**Extracted material**
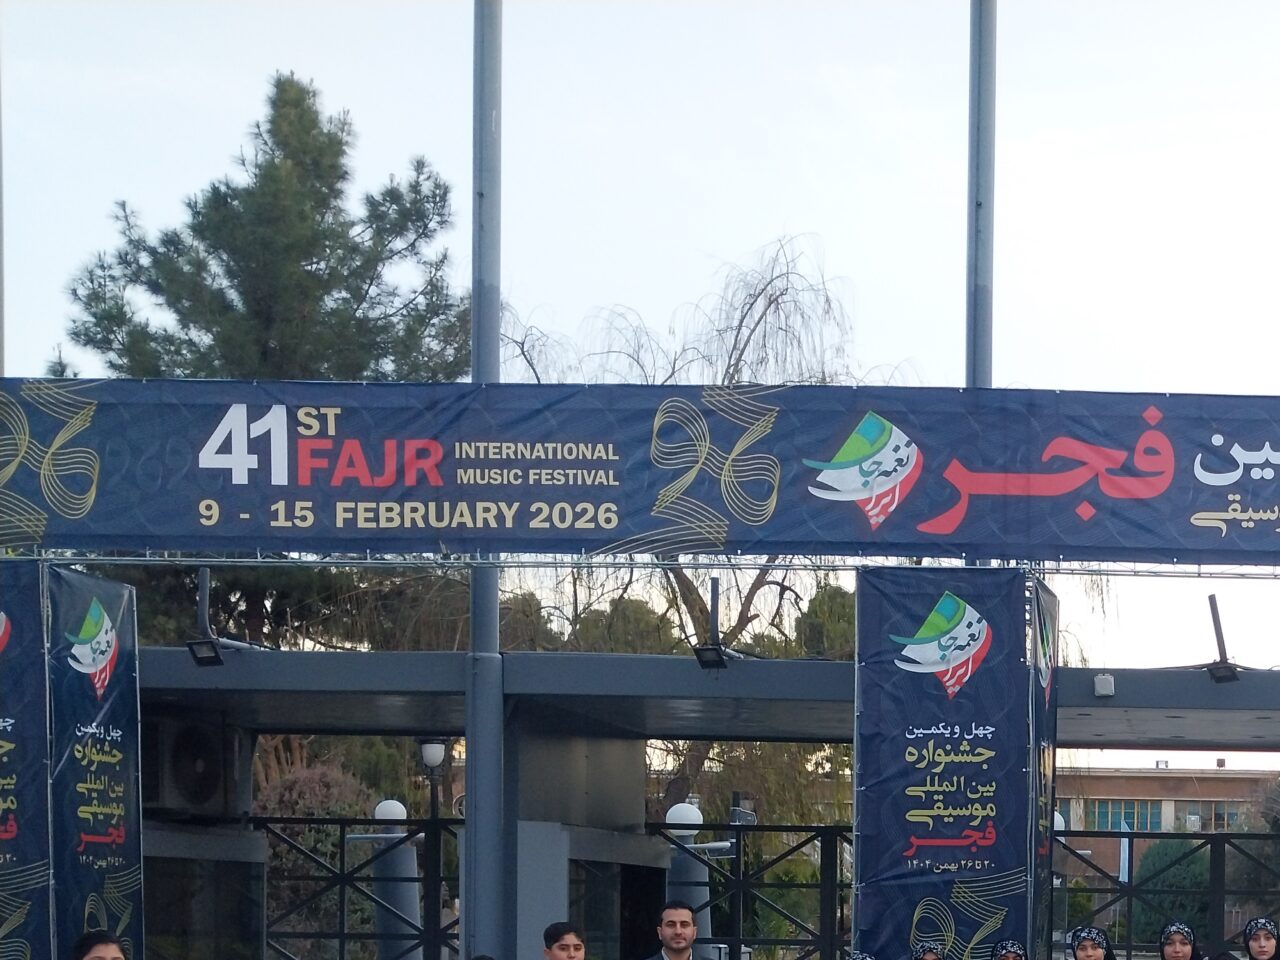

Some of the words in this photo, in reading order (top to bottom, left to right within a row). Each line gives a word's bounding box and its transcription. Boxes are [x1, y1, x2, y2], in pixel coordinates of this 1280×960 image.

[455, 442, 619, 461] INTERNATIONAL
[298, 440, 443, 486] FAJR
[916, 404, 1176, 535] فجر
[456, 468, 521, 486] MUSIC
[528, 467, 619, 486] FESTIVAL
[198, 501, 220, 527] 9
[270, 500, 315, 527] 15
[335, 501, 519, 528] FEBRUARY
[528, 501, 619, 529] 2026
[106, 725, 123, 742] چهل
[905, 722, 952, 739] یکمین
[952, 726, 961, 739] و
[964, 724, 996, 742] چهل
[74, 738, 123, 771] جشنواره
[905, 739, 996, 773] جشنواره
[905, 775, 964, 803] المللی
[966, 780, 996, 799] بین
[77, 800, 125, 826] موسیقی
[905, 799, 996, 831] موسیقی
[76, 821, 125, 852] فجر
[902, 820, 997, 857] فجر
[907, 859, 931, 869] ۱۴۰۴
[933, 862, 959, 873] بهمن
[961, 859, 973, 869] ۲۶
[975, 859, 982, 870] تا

**Requirement**
Retype the full listing above precisely. Exclude each picture you find in it.

**Answer section**
Some of the words in this photo, in reading order (top to bottom, left to right within a row). Each line gives a word's bounding box and its transcription. Boxes are [x1, y1, x2, y2], in pixel coordinates of this 1280×960 image.

[455, 442, 619, 461] INTERNATIONAL
[298, 440, 443, 486] FAJR
[916, 404, 1176, 535] فجر
[456, 468, 521, 486] MUSIC
[528, 467, 619, 486] FESTIVAL
[198, 501, 220, 527] 9
[270, 500, 315, 527] 15
[335, 501, 519, 528] FEBRUARY
[528, 501, 619, 529] 2026
[106, 725, 123, 742] چهل
[905, 722, 952, 739] یکمین
[952, 726, 961, 739] و
[964, 724, 996, 742] چهل
[74, 738, 123, 771] جشنواره
[905, 739, 996, 773] جشنواره
[905, 775, 964, 803] المللی
[966, 780, 996, 799] بین
[77, 800, 125, 826] موسیقی
[905, 799, 996, 831] موسیقی
[76, 821, 125, 852] فجر
[902, 820, 997, 857] فجر
[907, 859, 931, 869] ۱۴۰۴
[933, 862, 959, 873] بهمن
[961, 859, 973, 869] ۲۶
[975, 859, 982, 870] تا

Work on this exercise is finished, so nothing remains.